MicroRNA-122 predicts essential hypertension in young people
High expression levels of microRNA (miR)-122 may be an indicator of essential hypertension (EH), particularly in younger people, a recent study has found.
Researchers conducted a case-control study including 65 EH patients (mean age, 45±12.11 years) and 61 controls (mean age, 45±14.16 years). Quantitative real-time reverse-transcription polymerase chain reaction (qRT-PCR) and enzyme linked immunosorbent assays (ELISA) were used to measure serum levels of miR-122 and its protein target, high-affinity cationic amino acid transporter 1 (CAT-1).

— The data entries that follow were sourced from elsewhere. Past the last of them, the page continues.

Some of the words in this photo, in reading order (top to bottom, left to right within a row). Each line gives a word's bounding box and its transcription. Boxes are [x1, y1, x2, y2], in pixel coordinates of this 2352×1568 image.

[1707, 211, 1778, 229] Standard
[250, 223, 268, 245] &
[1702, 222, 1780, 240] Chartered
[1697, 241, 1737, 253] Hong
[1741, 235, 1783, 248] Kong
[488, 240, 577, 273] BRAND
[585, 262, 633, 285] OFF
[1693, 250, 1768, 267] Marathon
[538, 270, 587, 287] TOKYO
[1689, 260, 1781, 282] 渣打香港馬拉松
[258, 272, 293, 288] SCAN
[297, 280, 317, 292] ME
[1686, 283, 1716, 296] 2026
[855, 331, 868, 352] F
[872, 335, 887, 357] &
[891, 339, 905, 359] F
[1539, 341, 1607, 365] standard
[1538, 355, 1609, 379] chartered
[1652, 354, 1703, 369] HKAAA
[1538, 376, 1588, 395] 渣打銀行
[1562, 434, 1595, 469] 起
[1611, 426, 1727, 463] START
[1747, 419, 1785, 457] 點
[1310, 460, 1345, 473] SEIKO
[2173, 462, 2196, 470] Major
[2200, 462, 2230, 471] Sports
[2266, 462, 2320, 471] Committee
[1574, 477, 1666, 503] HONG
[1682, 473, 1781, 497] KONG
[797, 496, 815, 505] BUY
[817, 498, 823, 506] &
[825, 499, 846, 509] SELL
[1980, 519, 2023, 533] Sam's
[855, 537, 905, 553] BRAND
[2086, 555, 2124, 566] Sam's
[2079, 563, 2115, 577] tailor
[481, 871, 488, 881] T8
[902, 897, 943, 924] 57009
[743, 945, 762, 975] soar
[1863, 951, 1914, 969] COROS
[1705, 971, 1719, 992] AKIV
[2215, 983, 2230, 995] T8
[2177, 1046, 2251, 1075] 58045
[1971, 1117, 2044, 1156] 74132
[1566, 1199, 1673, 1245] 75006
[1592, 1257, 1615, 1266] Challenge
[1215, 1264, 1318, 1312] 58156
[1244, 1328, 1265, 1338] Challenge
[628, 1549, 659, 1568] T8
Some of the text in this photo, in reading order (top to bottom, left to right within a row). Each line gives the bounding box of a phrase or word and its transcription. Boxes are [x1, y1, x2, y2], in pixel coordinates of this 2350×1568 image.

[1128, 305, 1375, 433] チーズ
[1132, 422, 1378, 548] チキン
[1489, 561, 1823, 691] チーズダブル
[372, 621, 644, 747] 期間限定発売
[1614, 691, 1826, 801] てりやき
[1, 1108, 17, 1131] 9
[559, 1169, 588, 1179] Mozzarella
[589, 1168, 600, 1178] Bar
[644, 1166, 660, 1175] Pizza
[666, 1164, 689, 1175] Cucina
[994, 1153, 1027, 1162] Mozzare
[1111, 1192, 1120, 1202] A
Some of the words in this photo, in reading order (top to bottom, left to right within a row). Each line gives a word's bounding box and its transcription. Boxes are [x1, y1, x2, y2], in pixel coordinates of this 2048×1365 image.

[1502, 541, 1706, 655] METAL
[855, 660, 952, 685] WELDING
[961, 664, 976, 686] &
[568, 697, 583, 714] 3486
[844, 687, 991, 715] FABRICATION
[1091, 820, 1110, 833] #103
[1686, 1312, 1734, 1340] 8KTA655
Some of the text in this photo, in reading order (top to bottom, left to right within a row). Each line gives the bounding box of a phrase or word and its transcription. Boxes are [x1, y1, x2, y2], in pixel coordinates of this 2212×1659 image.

At baseline, plasma concentrations of miR-122 (p=0.001) and CAT-1 (p=0.018) were significantly different between cases and controls. Age also appeared to be an important factor. In younger participants, CAT-1 was enriched (p=0.003), while miR-122 was suppressed (p=0.001).
Moreover, CAT-1 plasma levels in younger participants were correlated with both systolic (SBP; p<0.05) and diastolic (DBP; p<0.05) blood pressure. No such interaction was found in older participants. MiR-122 showed a similar pattern of association, which was seen in the young subgroup (p=0.016) but not in the old.
Expression levels of miR-122 and CAT-1 also emerged as strong predictors of EH. In the overall cohort, the areas under the curve (AUCs) for miR-122, CAT-1, and their combination were 0.68, 0.62, and 0.69, respectively. This likewise turned out to be more pronounced in younger (AUCs, 0.79, 0.75, and 0.85, respectively) than in older (AUCs, 0.61, 0.55, and 0.63, respectively) patients.
“Further research with more patients and controls is needed to evaluate the importance of the altered expression of miR-122 and CAT-1 in EH. In this way, a potential method for the clinical diagnosis of EH and therapeutics based on these results can be designed,” the researchers said.